== WHAT THE EXERCISE ASKS ==
Give back exactly the lines from the one that includes "Some of the text" to the last line below, both included, and no further lines.
--- --- ---
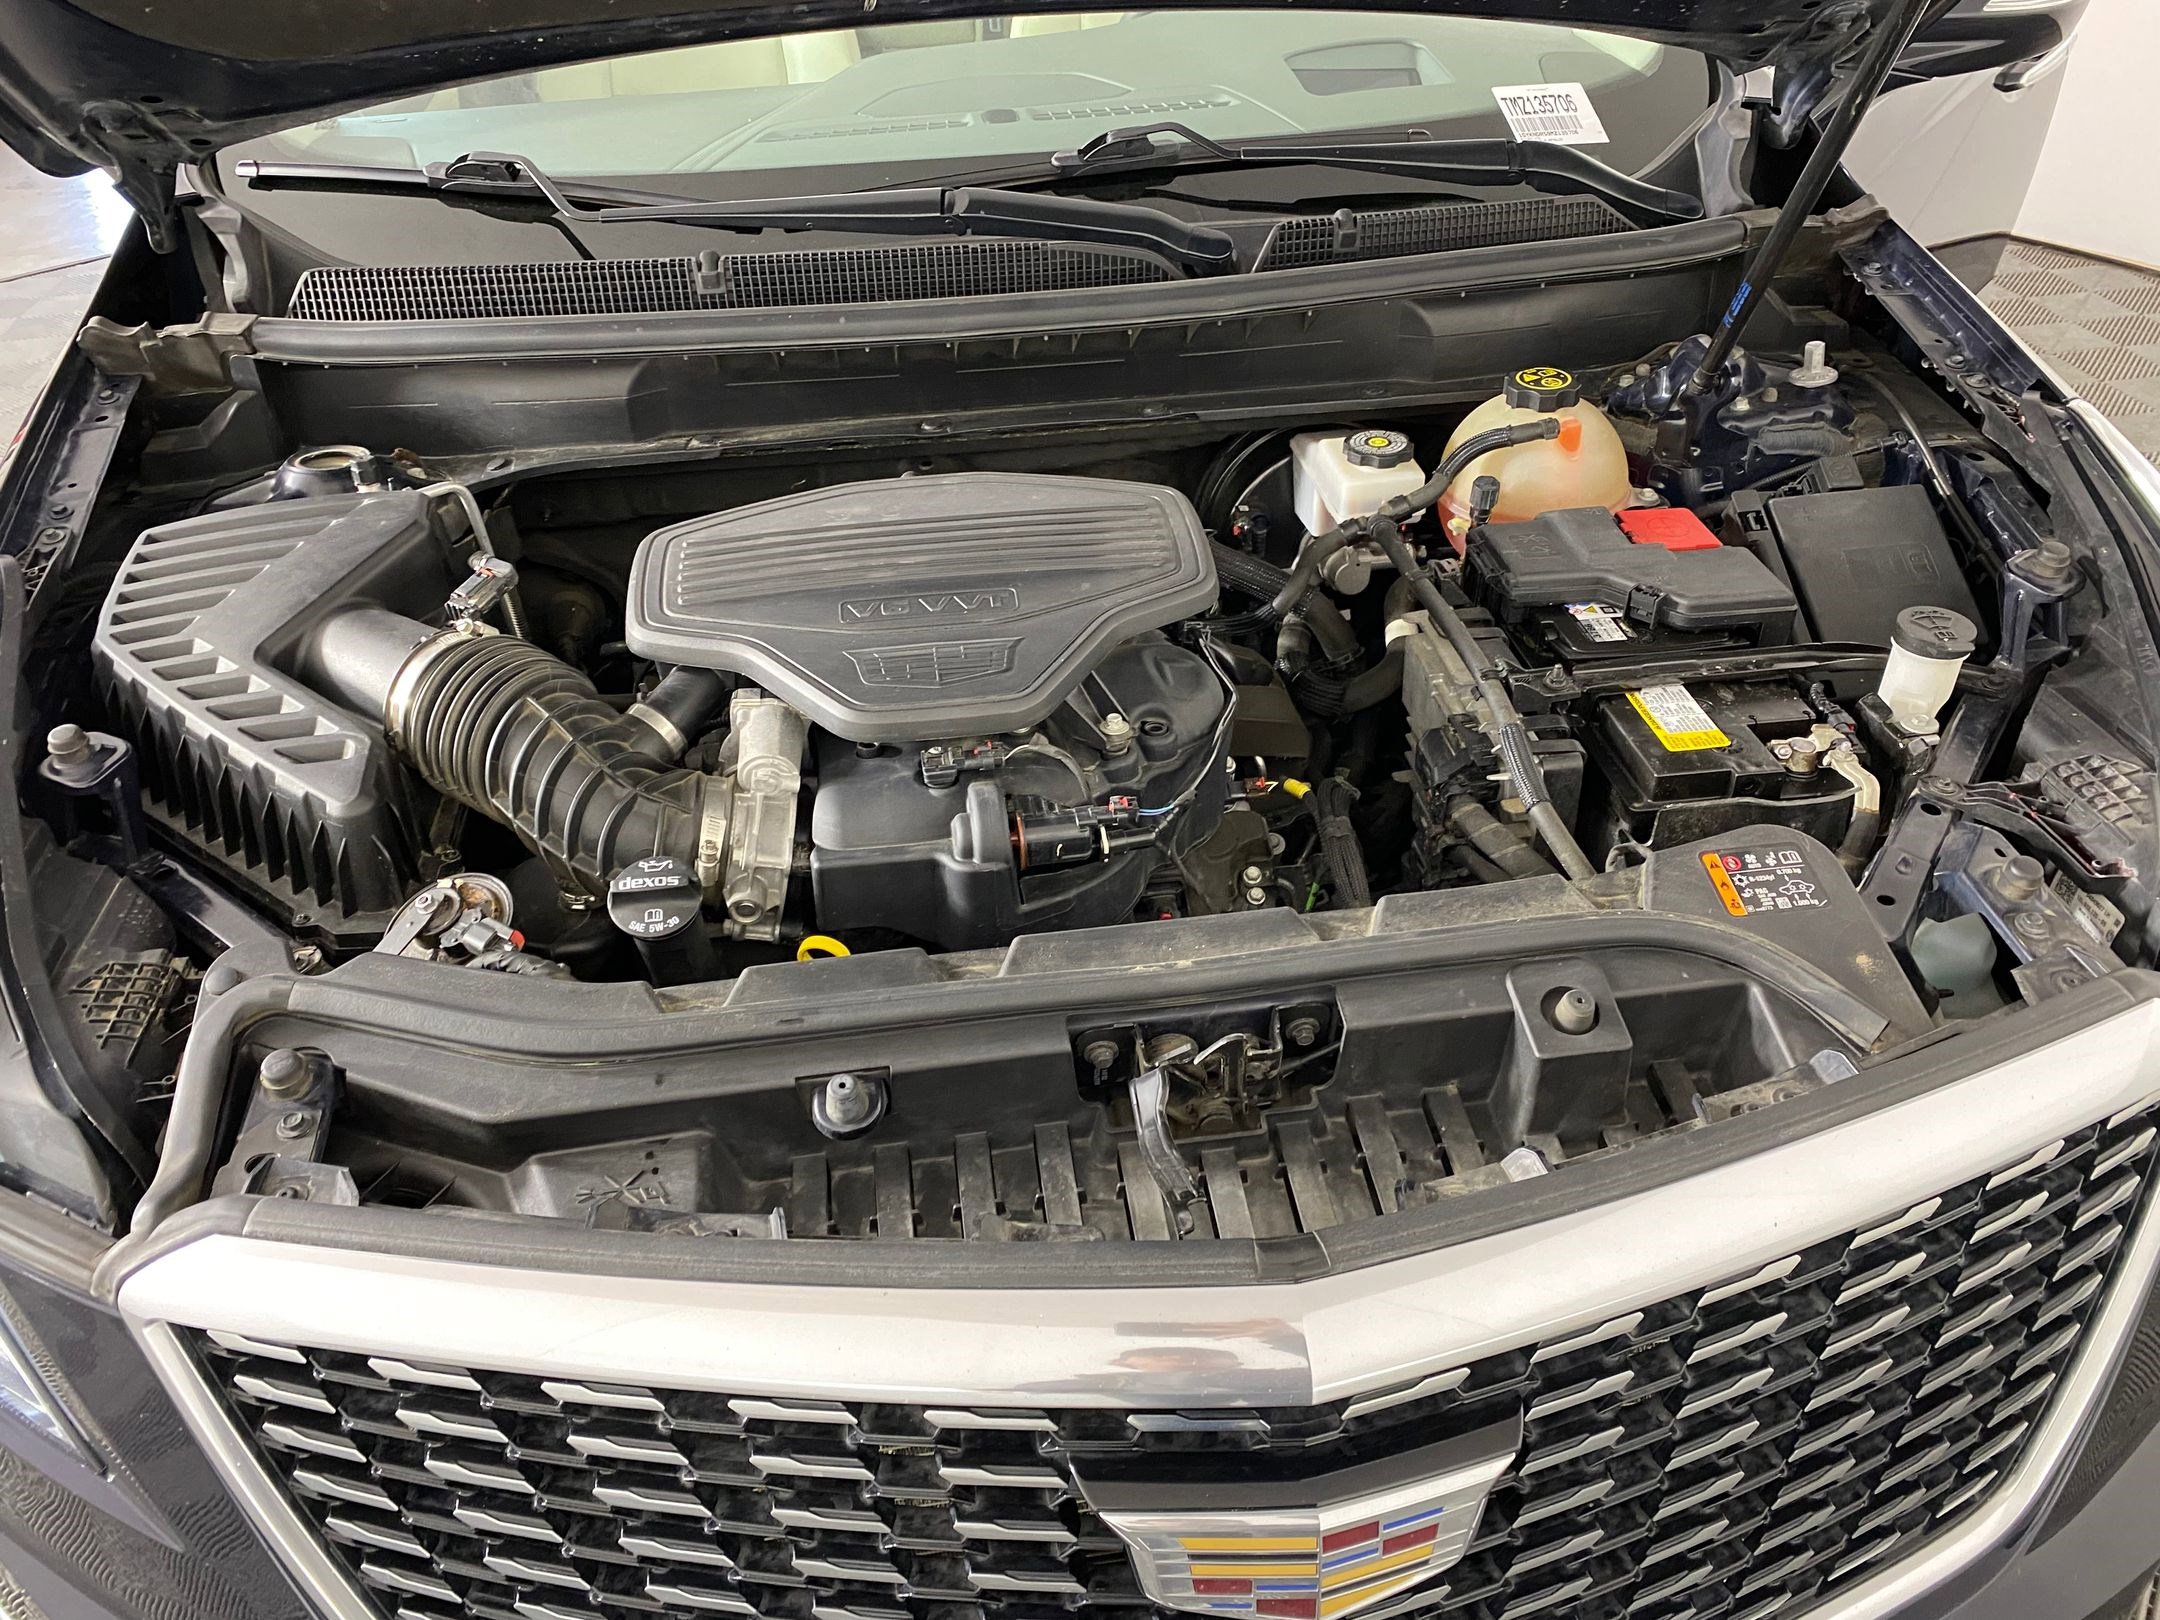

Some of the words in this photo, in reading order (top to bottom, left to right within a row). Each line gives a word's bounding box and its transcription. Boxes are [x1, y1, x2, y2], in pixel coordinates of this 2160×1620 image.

[1500, 94, 1578, 117] TMZ135706
[847, 600, 911, 618] V6
[918, 592, 1010, 612] VVT
[618, 875, 682, 890] dexos
[628, 920, 647, 933] SAE
[648, 915, 680, 933] 5W-30
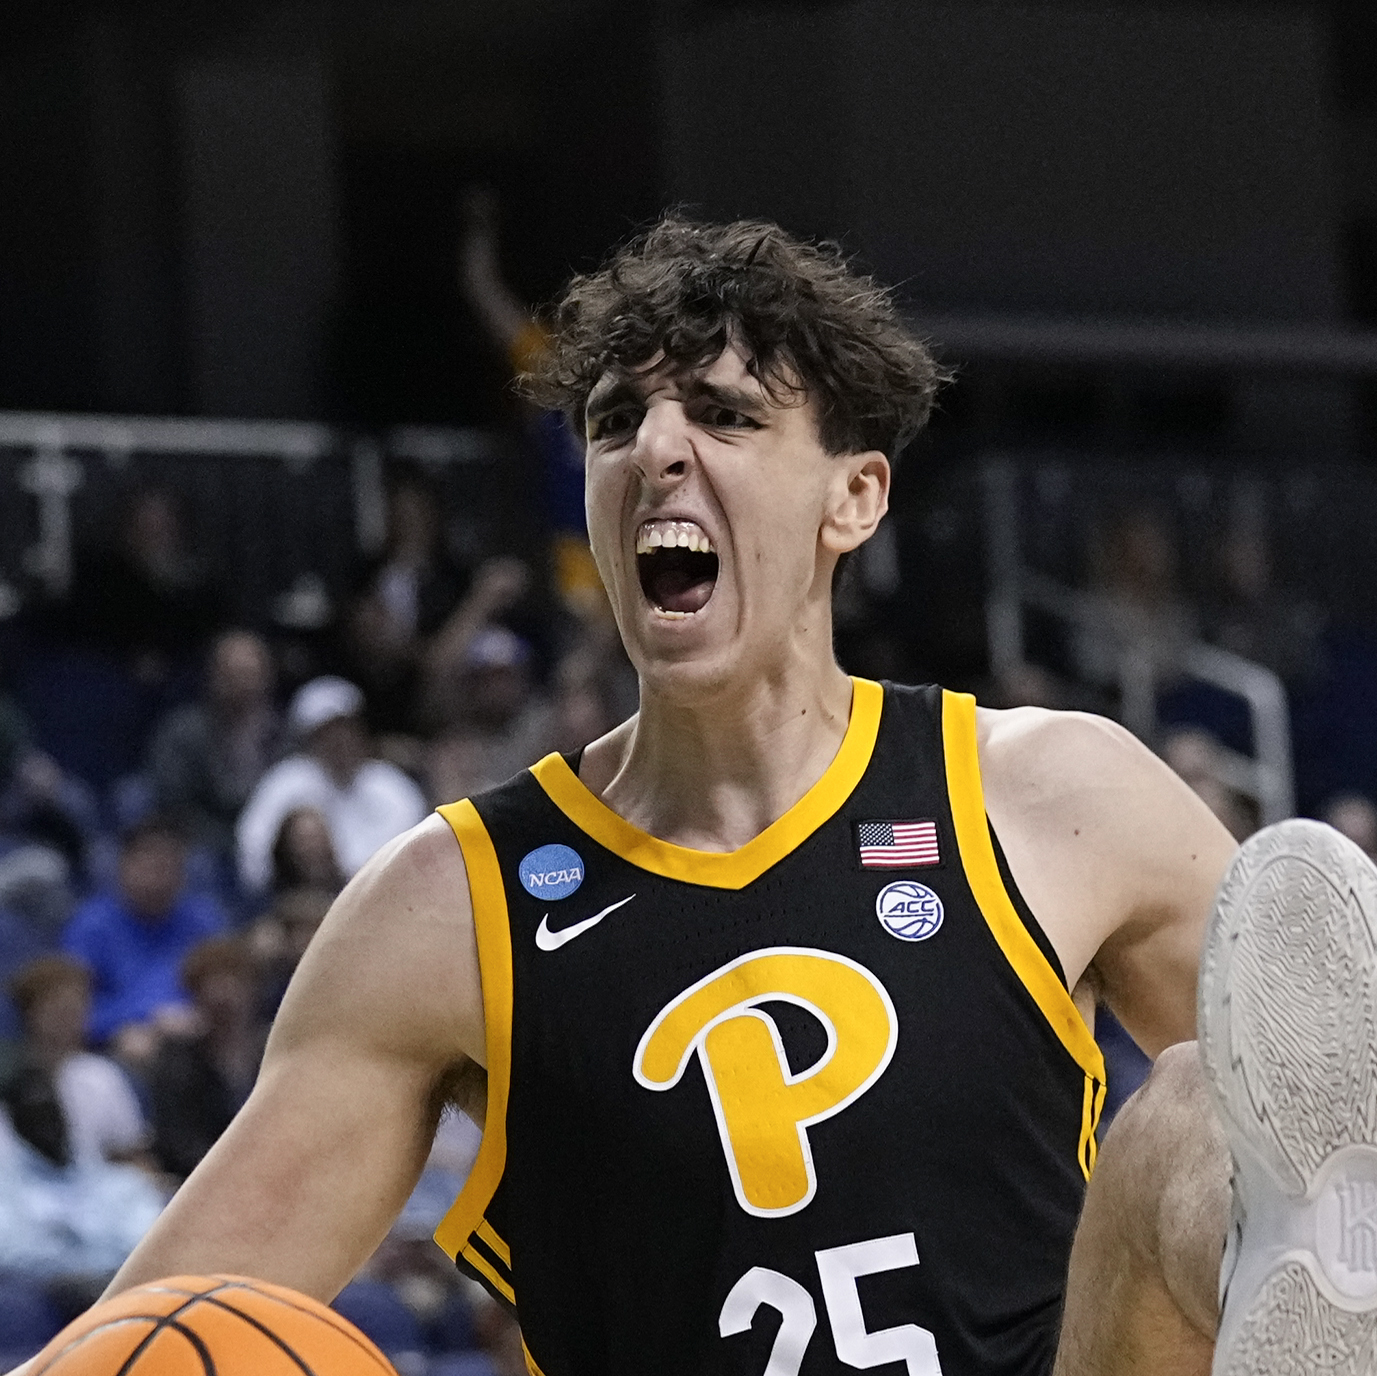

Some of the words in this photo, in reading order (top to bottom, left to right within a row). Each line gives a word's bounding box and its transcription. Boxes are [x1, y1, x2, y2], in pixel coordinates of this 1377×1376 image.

[528, 867, 582, 888] NCAA
[887, 899, 936, 914] ACC
[632, 945, 899, 1219] P
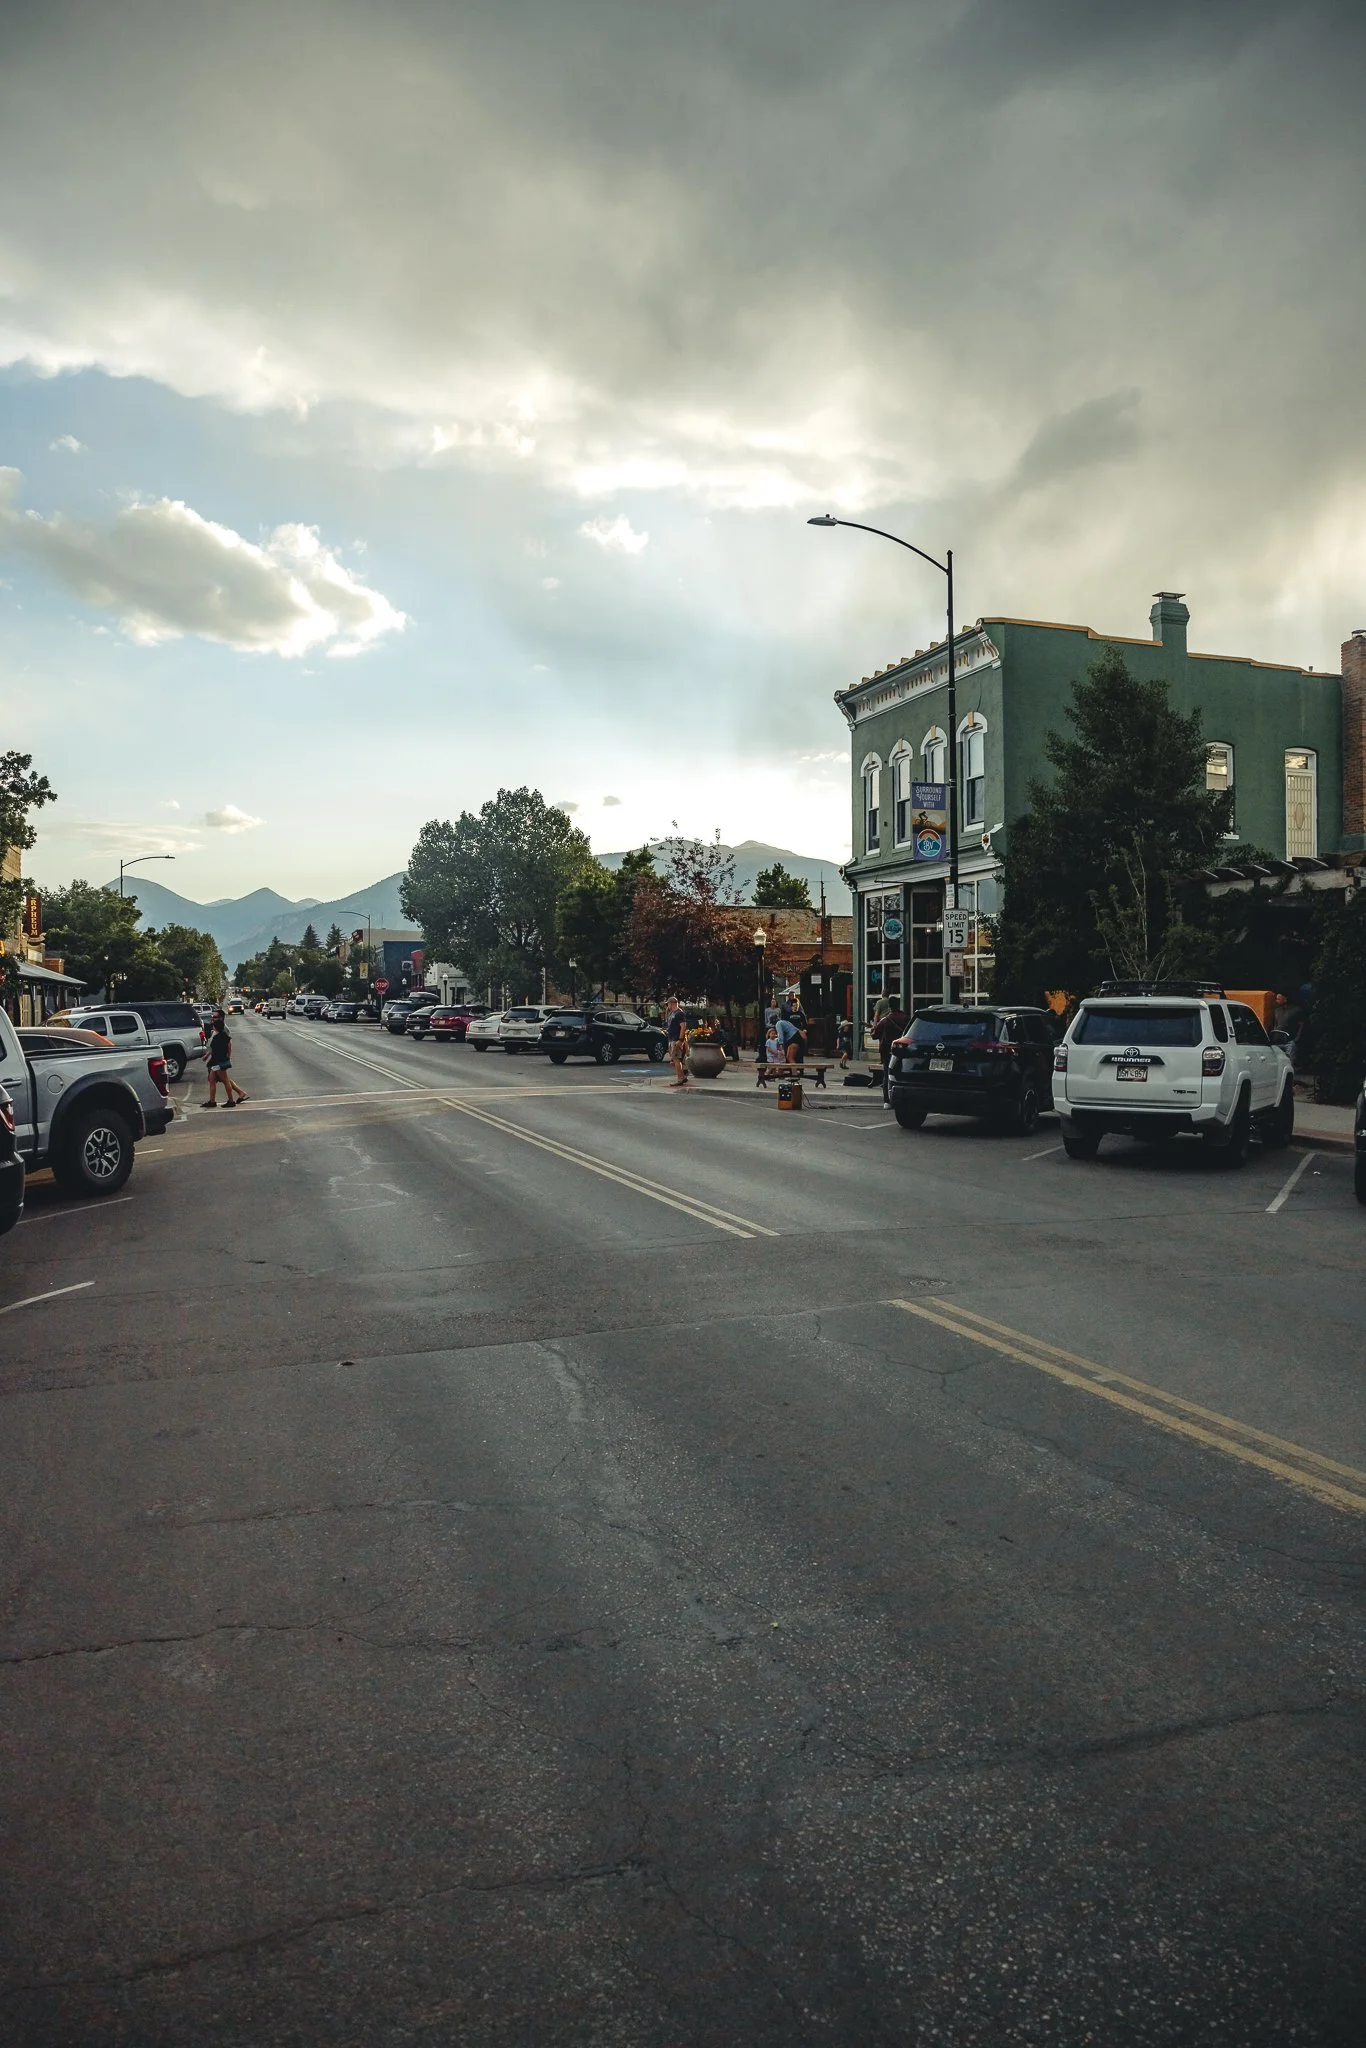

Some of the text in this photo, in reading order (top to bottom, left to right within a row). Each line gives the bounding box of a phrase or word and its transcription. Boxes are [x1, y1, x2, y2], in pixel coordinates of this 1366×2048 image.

[916, 786, 942, 794] SURROUND
[916, 793, 941, 801] YOURSELF
[945, 913, 967, 921] SPEED
[948, 930, 964, 944] 15
--- --- ---
== RESPONSE ==
Some of the text in this photo, in reading order (top to bottom, left to right within a row). Each line gives the bounding box of a phrase or word and its transcription. Boxes are [x1, y1, x2, y2], in pixel coordinates of this 1366×2048 image.

[916, 786, 942, 794] SURROUND
[916, 793, 941, 801] YOURSELF
[945, 913, 967, 921] SPEED
[948, 930, 964, 944] 15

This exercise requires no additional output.